■ Aim of the exercise ■
Every record that follows is to be copied exactly, with the pictures omitted.

■ Data for the task ■
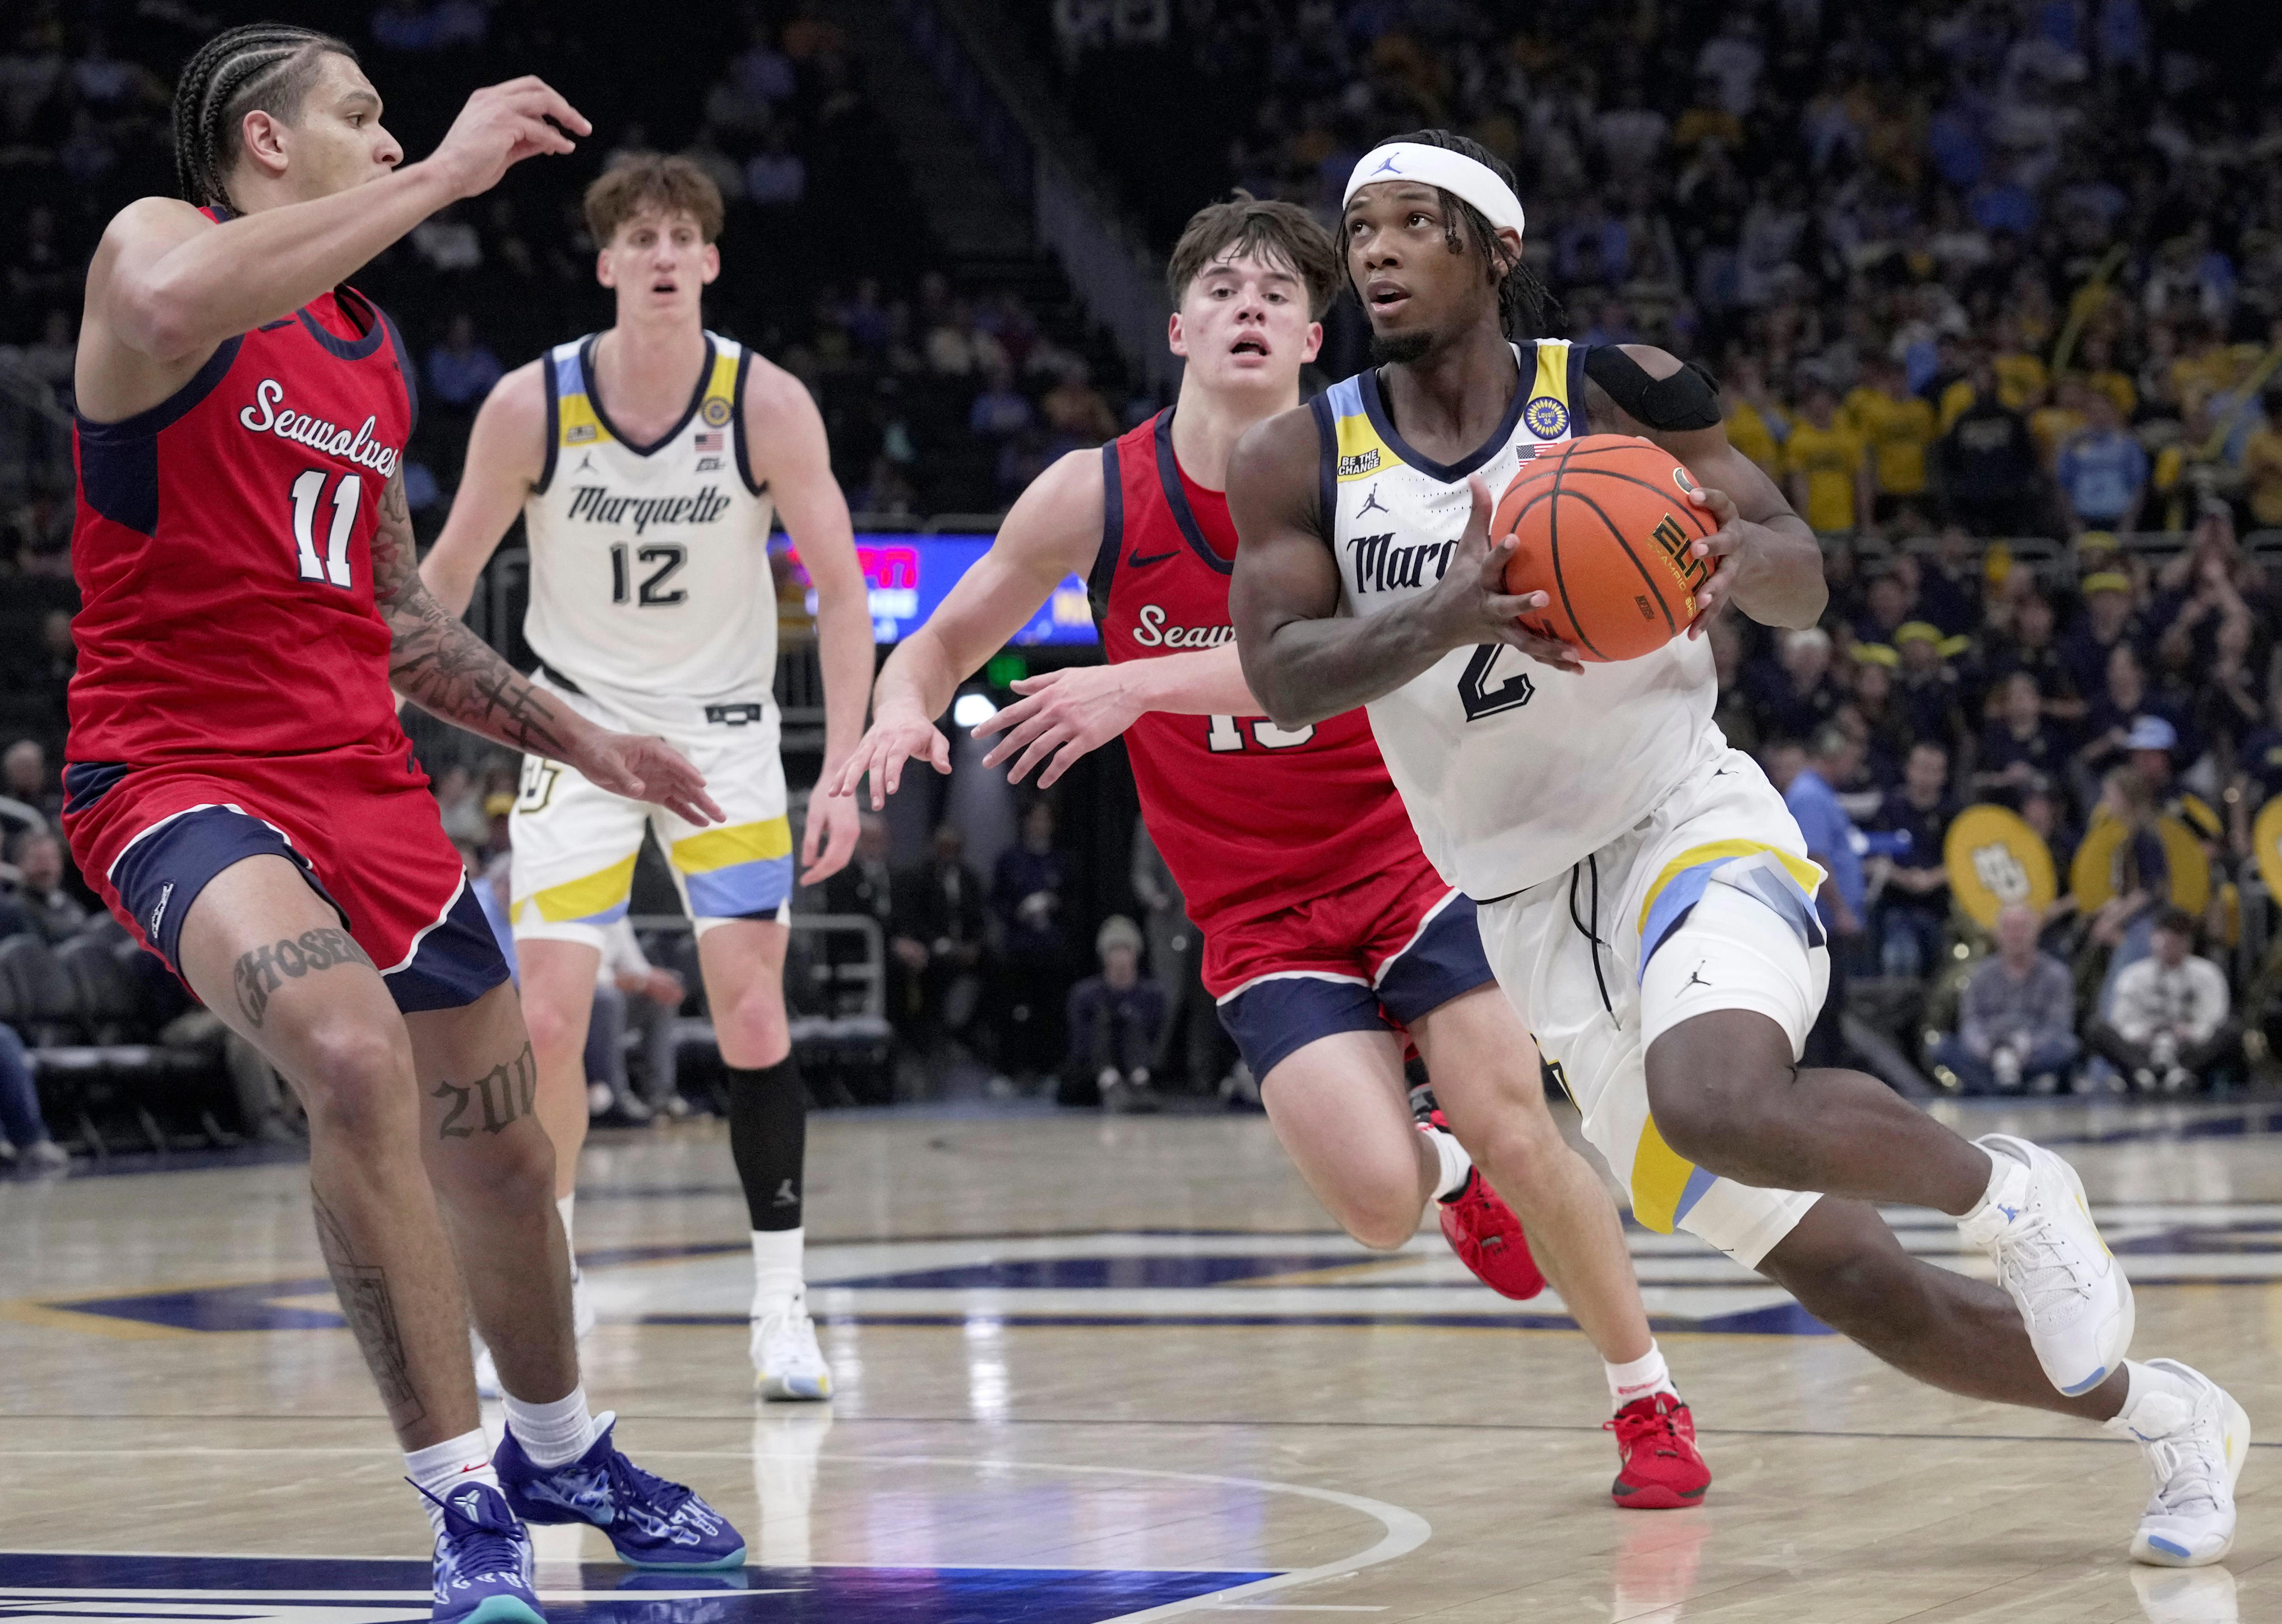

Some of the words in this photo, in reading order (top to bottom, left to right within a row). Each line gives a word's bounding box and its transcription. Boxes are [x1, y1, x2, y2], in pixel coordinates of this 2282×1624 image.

[239, 378, 399, 478] Seawolves
[1341, 456, 1356, 466] BE
[1359, 449, 1377, 465] THE
[1338, 457, 1380, 476] CHANGE
[289, 467, 362, 591] 11
[567, 484, 731, 536] Marquette
[609, 540, 689, 607] 12
[1645, 536, 1693, 619] CHAMPIOSHIP
[1457, 644, 1535, 722] 2
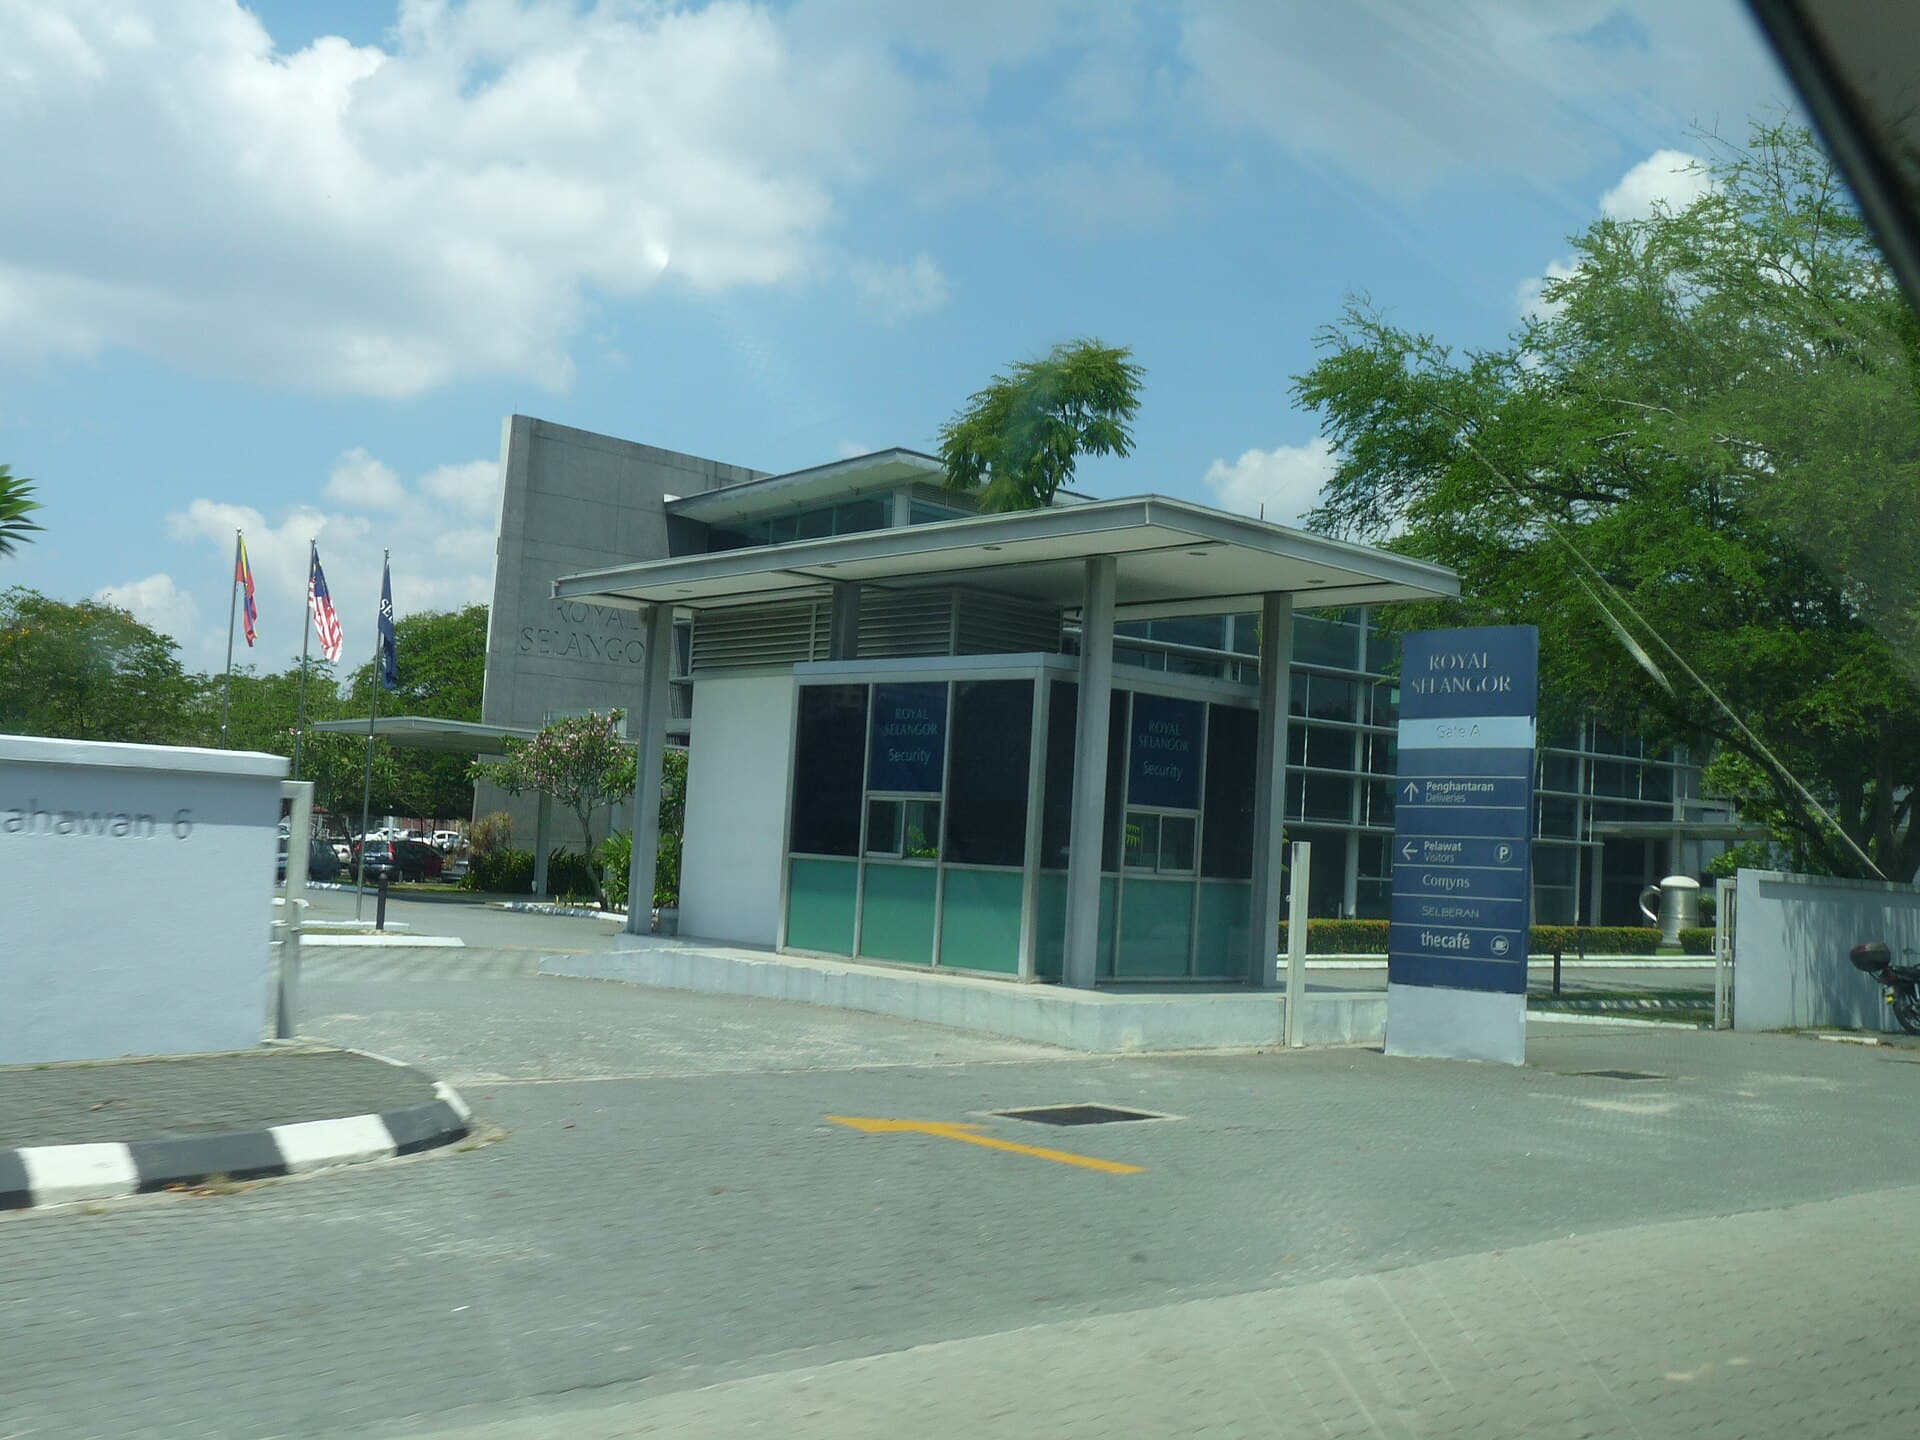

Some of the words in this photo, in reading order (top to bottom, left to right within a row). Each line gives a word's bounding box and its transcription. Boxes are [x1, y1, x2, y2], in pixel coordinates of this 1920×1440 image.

[1429, 652, 1488, 671] ROYAL
[1411, 675, 1513, 695] SELANGOR
[1436, 723, 1465, 739] Gate
[1469, 723, 1481, 737] A
[888, 747, 931, 768] Security
[1143, 760, 1182, 782] Security
[1426, 781, 1494, 794] Penghantaran
[1425, 793, 1466, 803] Deliveries
[174, 808, 192, 839] 6
[1423, 840, 1462, 852] Pelawat
[1500, 847, 1508, 859] P
[1424, 852, 1455, 863] Visitors
[1422, 874, 1470, 890] Comyns
[1421, 905, 1480, 919] SELBERAN
[1421, 930, 1471, 949] thecafé

■ Task output ■
Some of the words in this photo, in reading order (top to bottom, left to right within a row). Each line gives a word's bounding box and its transcription. Boxes are [x1, y1, x2, y2], in pixel coordinates of this 2282×1624 image.

[239, 378, 399, 478] Seawolves
[1341, 456, 1356, 466] BE
[1359, 449, 1377, 465] THE
[1338, 457, 1380, 476] CHANGE
[289, 467, 362, 591] 11
[567, 484, 731, 536] Marquette
[609, 540, 689, 607] 12
[1645, 536, 1693, 619] CHAMPIOSHIP
[1457, 644, 1535, 722] 2

Some of the words in this photo, in reading order (top to bottom, left to right within a row). Each line gives a word's bounding box and its transcription. Boxes are [x1, y1, x2, y2], in pixel coordinates of this 1920×1440 image.

[1429, 652, 1488, 671] ROYAL
[1411, 675, 1513, 695] SELANGOR
[1436, 723, 1465, 739] Gate
[1469, 723, 1481, 737] A
[888, 747, 931, 768] Security
[1143, 760, 1182, 782] Security
[1426, 781, 1494, 794] Penghantaran
[1425, 793, 1466, 803] Deliveries
[174, 808, 192, 839] 6
[1423, 840, 1462, 852] Pelawat
[1500, 847, 1508, 859] P
[1424, 852, 1455, 863] Visitors
[1422, 874, 1470, 890] Comyns
[1421, 905, 1480, 919] SELBERAN
[1421, 930, 1471, 949] thecafé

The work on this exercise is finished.